WHAT YOU NEED TO DO:
Reproduce exactly the lines from the line containing "this 2352×1568 image." through the end of the records below, including both ends, and nothing else.

/---

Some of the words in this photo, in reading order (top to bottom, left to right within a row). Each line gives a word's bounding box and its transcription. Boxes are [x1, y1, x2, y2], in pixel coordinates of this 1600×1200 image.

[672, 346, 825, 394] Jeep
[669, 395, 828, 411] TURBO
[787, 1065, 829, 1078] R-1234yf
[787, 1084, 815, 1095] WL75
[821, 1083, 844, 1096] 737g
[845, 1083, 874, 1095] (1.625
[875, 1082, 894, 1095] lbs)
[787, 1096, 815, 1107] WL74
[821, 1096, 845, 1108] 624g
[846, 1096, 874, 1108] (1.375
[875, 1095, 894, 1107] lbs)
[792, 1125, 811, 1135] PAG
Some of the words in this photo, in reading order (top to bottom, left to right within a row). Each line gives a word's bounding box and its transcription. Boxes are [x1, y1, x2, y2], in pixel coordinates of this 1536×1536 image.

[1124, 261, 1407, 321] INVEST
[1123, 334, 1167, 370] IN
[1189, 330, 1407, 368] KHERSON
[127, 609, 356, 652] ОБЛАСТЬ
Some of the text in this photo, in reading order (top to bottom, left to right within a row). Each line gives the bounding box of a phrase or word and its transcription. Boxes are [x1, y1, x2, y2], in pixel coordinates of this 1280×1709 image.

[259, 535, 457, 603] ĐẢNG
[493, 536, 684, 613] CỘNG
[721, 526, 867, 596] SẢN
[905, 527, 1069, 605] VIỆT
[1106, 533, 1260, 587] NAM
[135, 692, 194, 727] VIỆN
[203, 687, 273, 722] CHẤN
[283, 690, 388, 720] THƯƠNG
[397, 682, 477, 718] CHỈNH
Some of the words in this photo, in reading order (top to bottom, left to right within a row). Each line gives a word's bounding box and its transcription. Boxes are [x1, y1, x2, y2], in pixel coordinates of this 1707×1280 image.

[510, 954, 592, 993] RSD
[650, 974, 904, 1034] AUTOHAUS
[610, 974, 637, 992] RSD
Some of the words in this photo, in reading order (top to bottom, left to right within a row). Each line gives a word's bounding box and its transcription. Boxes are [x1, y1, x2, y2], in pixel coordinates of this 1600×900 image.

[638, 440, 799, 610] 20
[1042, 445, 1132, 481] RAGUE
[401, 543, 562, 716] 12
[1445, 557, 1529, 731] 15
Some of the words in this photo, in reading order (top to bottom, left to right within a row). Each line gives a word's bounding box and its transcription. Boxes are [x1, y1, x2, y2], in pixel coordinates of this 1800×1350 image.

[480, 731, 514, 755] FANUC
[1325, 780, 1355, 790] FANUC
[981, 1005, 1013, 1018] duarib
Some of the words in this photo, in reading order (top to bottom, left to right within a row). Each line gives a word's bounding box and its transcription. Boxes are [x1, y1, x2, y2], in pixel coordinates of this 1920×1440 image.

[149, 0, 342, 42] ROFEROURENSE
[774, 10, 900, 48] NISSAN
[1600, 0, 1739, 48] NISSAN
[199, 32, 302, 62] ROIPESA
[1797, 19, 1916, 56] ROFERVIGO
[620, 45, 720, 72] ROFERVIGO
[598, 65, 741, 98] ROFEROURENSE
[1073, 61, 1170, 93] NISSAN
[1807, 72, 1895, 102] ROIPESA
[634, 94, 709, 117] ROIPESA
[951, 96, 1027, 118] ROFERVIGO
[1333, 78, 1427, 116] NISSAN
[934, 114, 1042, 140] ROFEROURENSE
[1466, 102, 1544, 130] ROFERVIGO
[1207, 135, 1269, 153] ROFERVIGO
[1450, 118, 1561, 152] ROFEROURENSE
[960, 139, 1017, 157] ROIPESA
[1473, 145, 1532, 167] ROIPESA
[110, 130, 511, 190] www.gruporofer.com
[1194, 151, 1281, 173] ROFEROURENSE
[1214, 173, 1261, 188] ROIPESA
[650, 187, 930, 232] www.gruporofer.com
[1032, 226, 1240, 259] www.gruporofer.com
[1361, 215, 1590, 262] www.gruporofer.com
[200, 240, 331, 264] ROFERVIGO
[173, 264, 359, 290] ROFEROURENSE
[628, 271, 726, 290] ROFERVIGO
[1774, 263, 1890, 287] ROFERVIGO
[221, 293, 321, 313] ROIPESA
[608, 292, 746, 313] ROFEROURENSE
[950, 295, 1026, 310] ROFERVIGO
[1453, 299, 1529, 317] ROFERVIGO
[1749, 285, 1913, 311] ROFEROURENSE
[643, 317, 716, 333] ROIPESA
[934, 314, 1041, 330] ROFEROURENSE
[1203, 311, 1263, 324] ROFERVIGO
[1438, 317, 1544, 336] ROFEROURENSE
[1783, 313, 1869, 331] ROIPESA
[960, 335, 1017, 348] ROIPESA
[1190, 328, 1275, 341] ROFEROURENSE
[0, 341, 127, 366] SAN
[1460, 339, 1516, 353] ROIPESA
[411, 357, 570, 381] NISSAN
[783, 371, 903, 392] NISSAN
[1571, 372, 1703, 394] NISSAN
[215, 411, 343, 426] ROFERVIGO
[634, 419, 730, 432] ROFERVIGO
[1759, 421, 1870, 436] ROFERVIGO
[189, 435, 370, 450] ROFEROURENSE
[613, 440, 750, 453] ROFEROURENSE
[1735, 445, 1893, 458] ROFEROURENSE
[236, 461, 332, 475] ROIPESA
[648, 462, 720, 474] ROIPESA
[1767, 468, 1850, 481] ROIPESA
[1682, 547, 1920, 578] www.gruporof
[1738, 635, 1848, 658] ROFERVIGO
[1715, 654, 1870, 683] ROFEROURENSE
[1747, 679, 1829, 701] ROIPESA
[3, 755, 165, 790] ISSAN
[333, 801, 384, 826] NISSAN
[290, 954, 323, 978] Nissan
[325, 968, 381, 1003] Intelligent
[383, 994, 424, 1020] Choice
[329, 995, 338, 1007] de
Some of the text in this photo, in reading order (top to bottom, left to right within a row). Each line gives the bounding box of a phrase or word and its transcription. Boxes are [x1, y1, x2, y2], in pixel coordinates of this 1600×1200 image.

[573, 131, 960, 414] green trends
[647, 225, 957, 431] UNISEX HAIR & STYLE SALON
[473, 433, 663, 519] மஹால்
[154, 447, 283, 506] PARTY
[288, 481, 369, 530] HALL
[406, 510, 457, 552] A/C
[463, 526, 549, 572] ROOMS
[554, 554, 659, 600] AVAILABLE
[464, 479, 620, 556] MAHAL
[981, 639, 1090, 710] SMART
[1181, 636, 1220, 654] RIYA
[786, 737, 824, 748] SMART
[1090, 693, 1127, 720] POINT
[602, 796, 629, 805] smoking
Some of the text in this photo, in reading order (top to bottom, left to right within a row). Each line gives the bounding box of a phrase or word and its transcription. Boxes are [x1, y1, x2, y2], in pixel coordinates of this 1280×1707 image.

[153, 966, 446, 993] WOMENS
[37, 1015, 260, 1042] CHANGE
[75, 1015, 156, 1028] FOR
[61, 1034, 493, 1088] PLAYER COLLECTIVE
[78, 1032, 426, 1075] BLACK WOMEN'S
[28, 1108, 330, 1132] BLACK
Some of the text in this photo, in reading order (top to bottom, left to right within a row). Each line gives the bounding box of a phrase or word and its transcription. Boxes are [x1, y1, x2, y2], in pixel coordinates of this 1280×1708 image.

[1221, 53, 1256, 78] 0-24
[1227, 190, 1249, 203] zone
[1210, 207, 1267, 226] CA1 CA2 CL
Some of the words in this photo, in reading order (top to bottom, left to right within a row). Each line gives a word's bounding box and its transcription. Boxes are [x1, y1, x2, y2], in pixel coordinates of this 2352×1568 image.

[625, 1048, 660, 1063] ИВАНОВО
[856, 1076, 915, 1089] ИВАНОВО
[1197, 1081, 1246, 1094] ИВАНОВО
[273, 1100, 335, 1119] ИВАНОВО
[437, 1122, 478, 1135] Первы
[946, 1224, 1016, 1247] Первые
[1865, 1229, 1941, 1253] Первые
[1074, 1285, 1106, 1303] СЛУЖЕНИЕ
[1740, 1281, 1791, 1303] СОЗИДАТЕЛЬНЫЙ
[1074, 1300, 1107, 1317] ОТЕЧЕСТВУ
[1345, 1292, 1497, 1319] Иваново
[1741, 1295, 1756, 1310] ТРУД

\---

ANSWER SECTION:
Some of the words in this photo, in reading order (top to bottom, left to right within a row). Each line gives a word's bounding box and its transcription. Boxes are [x1, y1, x2, y2], in pixel coordinates of this 2352×1568 image.

[625, 1048, 660, 1063] ИВАНОВО
[856, 1076, 915, 1089] ИВАНОВО
[1197, 1081, 1246, 1094] ИВАНОВО
[273, 1100, 335, 1119] ИВАНОВО
[437, 1122, 478, 1135] Первы
[946, 1224, 1016, 1247] Первые
[1865, 1229, 1941, 1253] Первые
[1074, 1285, 1106, 1303] СЛУЖЕНИЕ
[1740, 1281, 1791, 1303] СОЗИДАТЕЛЬНЫЙ
[1074, 1300, 1107, 1317] ОТЕЧЕСТВУ
[1345, 1292, 1497, 1319] Иваново
[1741, 1295, 1756, 1310] ТРУД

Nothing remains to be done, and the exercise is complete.